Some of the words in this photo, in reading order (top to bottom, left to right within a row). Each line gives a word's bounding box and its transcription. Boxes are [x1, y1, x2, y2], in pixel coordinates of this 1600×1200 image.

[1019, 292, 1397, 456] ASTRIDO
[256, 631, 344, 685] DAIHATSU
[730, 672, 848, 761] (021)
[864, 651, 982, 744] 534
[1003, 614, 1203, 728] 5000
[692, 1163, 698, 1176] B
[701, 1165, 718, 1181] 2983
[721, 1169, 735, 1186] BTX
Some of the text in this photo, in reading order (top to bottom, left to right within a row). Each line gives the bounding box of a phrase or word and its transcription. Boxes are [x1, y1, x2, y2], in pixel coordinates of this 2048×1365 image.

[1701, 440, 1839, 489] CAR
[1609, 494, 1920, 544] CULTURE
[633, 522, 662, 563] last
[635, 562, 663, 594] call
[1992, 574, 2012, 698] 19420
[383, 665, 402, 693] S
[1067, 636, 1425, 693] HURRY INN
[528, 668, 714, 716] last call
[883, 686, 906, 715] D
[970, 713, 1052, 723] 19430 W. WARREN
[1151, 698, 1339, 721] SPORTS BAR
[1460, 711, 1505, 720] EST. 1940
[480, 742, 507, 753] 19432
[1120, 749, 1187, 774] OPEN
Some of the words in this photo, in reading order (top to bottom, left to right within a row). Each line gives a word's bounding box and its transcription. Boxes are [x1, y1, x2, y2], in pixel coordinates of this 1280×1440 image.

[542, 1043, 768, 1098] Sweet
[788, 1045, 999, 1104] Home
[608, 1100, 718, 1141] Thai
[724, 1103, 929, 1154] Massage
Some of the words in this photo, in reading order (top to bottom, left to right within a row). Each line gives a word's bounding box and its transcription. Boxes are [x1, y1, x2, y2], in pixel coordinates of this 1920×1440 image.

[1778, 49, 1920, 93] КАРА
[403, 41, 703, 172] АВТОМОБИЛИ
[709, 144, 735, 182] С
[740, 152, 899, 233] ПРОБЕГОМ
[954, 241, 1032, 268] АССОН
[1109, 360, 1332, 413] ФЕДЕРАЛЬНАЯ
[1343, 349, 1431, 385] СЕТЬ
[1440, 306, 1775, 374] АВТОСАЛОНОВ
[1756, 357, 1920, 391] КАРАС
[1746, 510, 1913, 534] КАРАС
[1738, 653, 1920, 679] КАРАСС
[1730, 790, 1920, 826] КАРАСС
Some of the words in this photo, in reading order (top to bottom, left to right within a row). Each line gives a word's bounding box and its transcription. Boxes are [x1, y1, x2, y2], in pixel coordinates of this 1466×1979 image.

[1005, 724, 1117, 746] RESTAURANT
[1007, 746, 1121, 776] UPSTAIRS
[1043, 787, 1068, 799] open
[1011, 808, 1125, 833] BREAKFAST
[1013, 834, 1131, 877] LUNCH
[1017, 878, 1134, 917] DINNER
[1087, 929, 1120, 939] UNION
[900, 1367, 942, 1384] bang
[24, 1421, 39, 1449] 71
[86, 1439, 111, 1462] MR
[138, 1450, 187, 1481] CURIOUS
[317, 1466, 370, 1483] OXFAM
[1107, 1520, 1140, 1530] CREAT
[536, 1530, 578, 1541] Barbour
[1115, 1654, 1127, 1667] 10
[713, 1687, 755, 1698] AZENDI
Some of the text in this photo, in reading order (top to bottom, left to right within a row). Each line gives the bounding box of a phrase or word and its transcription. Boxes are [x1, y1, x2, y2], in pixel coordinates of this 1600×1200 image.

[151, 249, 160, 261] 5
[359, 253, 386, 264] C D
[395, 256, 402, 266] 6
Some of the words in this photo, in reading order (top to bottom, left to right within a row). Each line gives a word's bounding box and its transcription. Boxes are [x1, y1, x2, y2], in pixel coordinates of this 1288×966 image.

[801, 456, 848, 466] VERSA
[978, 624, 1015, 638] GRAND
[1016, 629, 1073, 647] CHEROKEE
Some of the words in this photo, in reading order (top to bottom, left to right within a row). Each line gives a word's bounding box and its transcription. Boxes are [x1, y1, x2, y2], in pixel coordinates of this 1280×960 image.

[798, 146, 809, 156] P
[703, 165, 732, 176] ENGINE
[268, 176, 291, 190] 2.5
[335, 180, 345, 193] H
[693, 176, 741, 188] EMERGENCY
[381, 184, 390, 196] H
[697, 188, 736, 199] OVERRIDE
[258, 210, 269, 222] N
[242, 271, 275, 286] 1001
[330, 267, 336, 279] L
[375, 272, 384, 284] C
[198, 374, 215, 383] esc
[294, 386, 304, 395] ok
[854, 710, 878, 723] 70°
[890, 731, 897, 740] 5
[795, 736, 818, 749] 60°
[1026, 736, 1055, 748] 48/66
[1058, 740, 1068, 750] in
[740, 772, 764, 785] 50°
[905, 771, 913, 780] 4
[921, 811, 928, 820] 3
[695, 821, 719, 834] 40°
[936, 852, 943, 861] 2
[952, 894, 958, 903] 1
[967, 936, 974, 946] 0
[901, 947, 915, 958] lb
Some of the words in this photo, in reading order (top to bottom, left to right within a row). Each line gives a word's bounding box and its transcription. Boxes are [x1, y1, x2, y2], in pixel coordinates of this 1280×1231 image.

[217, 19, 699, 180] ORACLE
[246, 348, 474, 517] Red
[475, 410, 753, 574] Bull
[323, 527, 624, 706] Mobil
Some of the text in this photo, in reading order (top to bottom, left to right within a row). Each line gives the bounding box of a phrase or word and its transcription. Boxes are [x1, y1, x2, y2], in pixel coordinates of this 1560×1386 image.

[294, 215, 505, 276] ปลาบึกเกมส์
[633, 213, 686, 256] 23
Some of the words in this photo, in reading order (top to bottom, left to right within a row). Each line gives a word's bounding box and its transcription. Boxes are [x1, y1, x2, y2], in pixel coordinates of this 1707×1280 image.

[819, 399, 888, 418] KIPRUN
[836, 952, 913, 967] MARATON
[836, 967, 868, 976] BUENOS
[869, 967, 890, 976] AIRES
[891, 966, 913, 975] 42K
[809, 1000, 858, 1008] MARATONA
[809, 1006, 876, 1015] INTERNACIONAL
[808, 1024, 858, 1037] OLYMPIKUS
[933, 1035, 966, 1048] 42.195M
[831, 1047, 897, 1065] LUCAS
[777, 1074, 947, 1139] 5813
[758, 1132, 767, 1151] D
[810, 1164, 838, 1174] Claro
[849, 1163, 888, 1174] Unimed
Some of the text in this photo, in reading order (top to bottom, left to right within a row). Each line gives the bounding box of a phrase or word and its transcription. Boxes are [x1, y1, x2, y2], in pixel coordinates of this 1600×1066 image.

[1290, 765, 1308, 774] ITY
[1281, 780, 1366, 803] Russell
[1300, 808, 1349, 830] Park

> [EXERCISE BRIEF] Your task is to retype the records precisely as they stand.

> [YOUR SOLUTION]
Some of the words in this photo, in reading order (top to bottom, left to right within a row). Each line gives a word's bounding box and its transcription. Boxes are [x1, y1, x2, y2], in pixel coordinates of this 1600×1200 image.

[1019, 292, 1397, 456] ASTRIDO
[256, 631, 344, 685] DAIHATSU
[730, 672, 848, 761] (021)
[864, 651, 982, 744] 534
[1003, 614, 1203, 728] 5000
[692, 1163, 698, 1176] B
[701, 1165, 718, 1181] 2983
[721, 1169, 735, 1186] BTX
Some of the text in this photo, in reading order (top to bottom, left to right within a row). Each line gives the bounding box of a phrase or word and its transcription. Boxes are [x1, y1, x2, y2], in pixel coordinates of this 2048×1365 image.

[1701, 440, 1839, 489] CAR
[1609, 494, 1920, 544] CULTURE
[633, 522, 662, 563] last
[635, 562, 663, 594] call
[1992, 574, 2012, 698] 19420
[383, 665, 402, 693] S
[1067, 636, 1425, 693] HURRY INN
[528, 668, 714, 716] last call
[883, 686, 906, 715] D
[970, 713, 1052, 723] 19430 W. WARREN
[1151, 698, 1339, 721] SPORTS BAR
[1460, 711, 1505, 720] EST. 1940
[480, 742, 507, 753] 19432
[1120, 749, 1187, 774] OPEN
Some of the words in this photo, in reading order (top to bottom, left to right within a row). Each line gives a word's bounding box and its transcription. Boxes are [x1, y1, x2, y2], in pixel coordinates of this 1280×1440 image.

[542, 1043, 768, 1098] Sweet
[788, 1045, 999, 1104] Home
[608, 1100, 718, 1141] Thai
[724, 1103, 929, 1154] Massage
Some of the words in this photo, in reading order (top to bottom, left to right within a row). Each line gives a word's bounding box and its transcription. Boxes are [x1, y1, x2, y2], in pixel coordinates of this 1920×1440 image.

[1778, 49, 1920, 93] КАРА
[403, 41, 703, 172] АВТОМОБИЛИ
[709, 144, 735, 182] С
[740, 152, 899, 233] ПРОБЕГОМ
[954, 241, 1032, 268] АССОН
[1109, 360, 1332, 413] ФЕДЕРАЛЬНАЯ
[1343, 349, 1431, 385] СЕТЬ
[1440, 306, 1775, 374] АВТОСАЛОНОВ
[1756, 357, 1920, 391] КАРАС
[1746, 510, 1913, 534] КАРАС
[1738, 653, 1920, 679] КАРАСС
[1730, 790, 1920, 826] КАРАСС
Some of the words in this photo, in reading order (top to bottom, left to right within a row). Each line gives a word's bounding box and its transcription. Boxes are [x1, y1, x2, y2], in pixel coordinates of this 1466×1979 image.

[1005, 724, 1117, 746] RESTAURANT
[1007, 746, 1121, 776] UPSTAIRS
[1043, 787, 1068, 799] open
[1011, 808, 1125, 833] BREAKFAST
[1013, 834, 1131, 877] LUNCH
[1017, 878, 1134, 917] DINNER
[1087, 929, 1120, 939] UNION
[900, 1367, 942, 1384] bang
[24, 1421, 39, 1449] 71
[86, 1439, 111, 1462] MR
[138, 1450, 187, 1481] CURIOUS
[317, 1466, 370, 1483] OXFAM
[1107, 1520, 1140, 1530] CREAT
[536, 1530, 578, 1541] Barbour
[1115, 1654, 1127, 1667] 10
[713, 1687, 755, 1698] AZENDI
Some of the text in this photo, in reading order (top to bottom, left to right within a row). Each line gives the bounding box of a phrase or word and its transcription. Boxes are [x1, y1, x2, y2], in pixel coordinates of this 1600×1200 image.

[151, 249, 160, 261] 5
[359, 253, 386, 264] C D
[395, 256, 402, 266] 6
Some of the words in this photo, in reading order (top to bottom, left to right within a row). Each line gives a word's bounding box and its transcription. Boxes are [x1, y1, x2, y2], in pixel coordinates of this 1288×966 image.

[801, 456, 848, 466] VERSA
[978, 624, 1015, 638] GRAND
[1016, 629, 1073, 647] CHEROKEE
Some of the words in this photo, in reading order (top to bottom, left to right within a row). Each line gives a word's bounding box and its transcription. Boxes are [x1, y1, x2, y2], in pixel coordinates of this 1280×960 image.

[798, 146, 809, 156] P
[703, 165, 732, 176] ENGINE
[268, 176, 291, 190] 2.5
[335, 180, 345, 193] H
[693, 176, 741, 188] EMERGENCY
[381, 184, 390, 196] H
[697, 188, 736, 199] OVERRIDE
[258, 210, 269, 222] N
[242, 271, 275, 286] 1001
[330, 267, 336, 279] L
[375, 272, 384, 284] C
[198, 374, 215, 383] esc
[294, 386, 304, 395] ok
[854, 710, 878, 723] 70°
[890, 731, 897, 740] 5
[795, 736, 818, 749] 60°
[1026, 736, 1055, 748] 48/66
[1058, 740, 1068, 750] in
[740, 772, 764, 785] 50°
[905, 771, 913, 780] 4
[921, 811, 928, 820] 3
[695, 821, 719, 834] 40°
[936, 852, 943, 861] 2
[952, 894, 958, 903] 1
[967, 936, 974, 946] 0
[901, 947, 915, 958] lb
Some of the words in this photo, in reading order (top to bottom, left to right within a row). Each line gives a word's bounding box and its transcription. Boxes are [x1, y1, x2, y2], in pixel coordinates of this 1280×1231 image.

[217, 19, 699, 180] ORACLE
[246, 348, 474, 517] Red
[475, 410, 753, 574] Bull
[323, 527, 624, 706] Mobil
Some of the text in this photo, in reading order (top to bottom, left to right within a row). Each line gives the bounding box of a phrase or word and its transcription. Boxes are [x1, y1, x2, y2], in pixel coordinates of this 1560×1386 image.

[294, 215, 505, 276] ปลาบึกเกมส์
[633, 213, 686, 256] 23
Some of the words in this photo, in reading order (top to bottom, left to right within a row). Each line gives a word's bounding box and its transcription. Boxes are [x1, y1, x2, y2], in pixel coordinates of this 1707×1280 image.

[819, 399, 888, 418] KIPRUN
[836, 952, 913, 967] MARATON
[836, 967, 868, 976] BUENOS
[869, 967, 890, 976] AIRES
[891, 966, 913, 975] 42K
[809, 1000, 858, 1008] MARATONA
[809, 1006, 876, 1015] INTERNACIONAL
[808, 1024, 858, 1037] OLYMPIKUS
[933, 1035, 966, 1048] 42.195M
[831, 1047, 897, 1065] LUCAS
[777, 1074, 947, 1139] 5813
[758, 1132, 767, 1151] D
[810, 1164, 838, 1174] Claro
[849, 1163, 888, 1174] Unimed
Some of the text in this photo, in reading order (top to bottom, left to right within a row). Each line gives the bounding box of a phrase or word and its transcription. Boxes are [x1, y1, x2, y2], in pixel coordinates of this 1600×1066 image.

[1290, 765, 1308, 774] ITY
[1281, 780, 1366, 803] Russell
[1300, 808, 1349, 830] Park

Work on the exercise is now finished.